Produce a verbatim copy of the data below that contains no pictures.

(RECORDS SUPPLIED Opens)

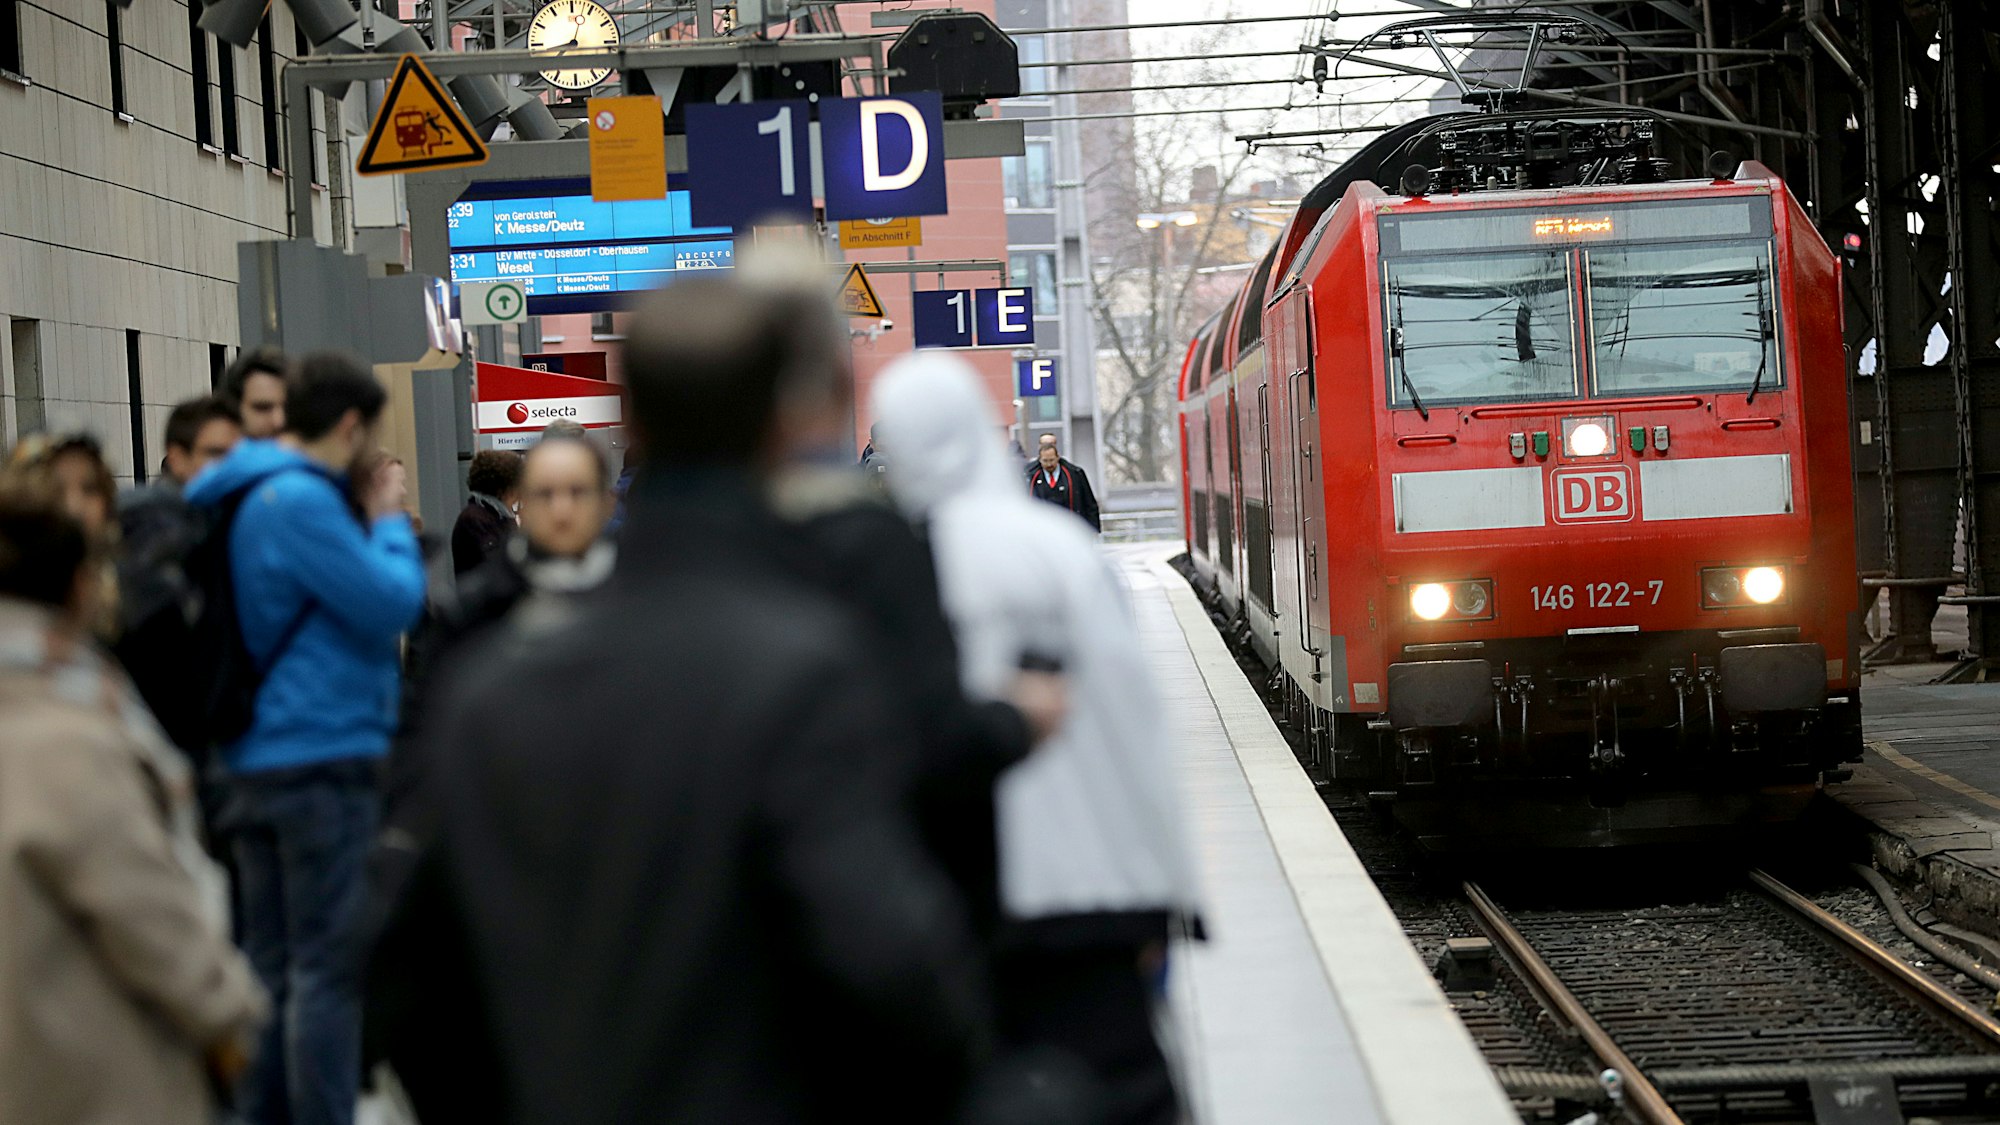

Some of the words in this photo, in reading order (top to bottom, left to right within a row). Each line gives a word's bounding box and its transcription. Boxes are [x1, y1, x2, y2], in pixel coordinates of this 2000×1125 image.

[758, 106, 795, 196] 1
[860, 99, 929, 191] D
[494, 213, 510, 221] von
[512, 210, 557, 221] Gerolstein
[494, 222, 504, 235] K
[507, 219, 585, 234] Messe/Deutz
[849, 234, 860, 243] im
[862, 232, 904, 242] Abschnitt
[905, 231, 912, 240] F
[496, 251, 511, 262] LEV
[513, 250, 537, 261] Mitte
[544, 247, 591, 259] Düsseldorf
[598, 246, 649, 256] Oberhausen
[497, 261, 534, 274] Wesel
[947, 292, 965, 334] 1
[997, 289, 1027, 332] E
[1032, 359, 1052, 390] F
[531, 406, 577, 418] selecta
[1562, 475, 1623, 514] DB
[1530, 584, 1574, 611] 146
[1585, 580, 1664, 608] 122-7

(RECORDS SUPPLIED Closes)

▸ COMPLETED TASK:
Some of the words in this photo, in reading order (top to bottom, left to right within a row). Each line gives a word's bounding box and its transcription. Boxes are [x1, y1, x2, y2], in pixel coordinates of this 2000×1125 image.

[758, 106, 795, 196] 1
[860, 99, 929, 191] D
[494, 213, 510, 221] von
[512, 210, 557, 221] Gerolstein
[494, 222, 504, 235] K
[507, 219, 585, 234] Messe/Deutz
[849, 234, 860, 243] im
[862, 232, 904, 242] Abschnitt
[905, 231, 912, 240] F
[496, 251, 511, 262] LEV
[513, 250, 537, 261] Mitte
[544, 247, 591, 259] Düsseldorf
[598, 246, 649, 256] Oberhausen
[497, 261, 534, 274] Wesel
[947, 292, 965, 334] 1
[997, 289, 1027, 332] E
[1032, 359, 1052, 390] F
[531, 406, 577, 418] selecta
[1562, 475, 1623, 514] DB
[1530, 584, 1574, 611] 146
[1585, 580, 1664, 608] 122-7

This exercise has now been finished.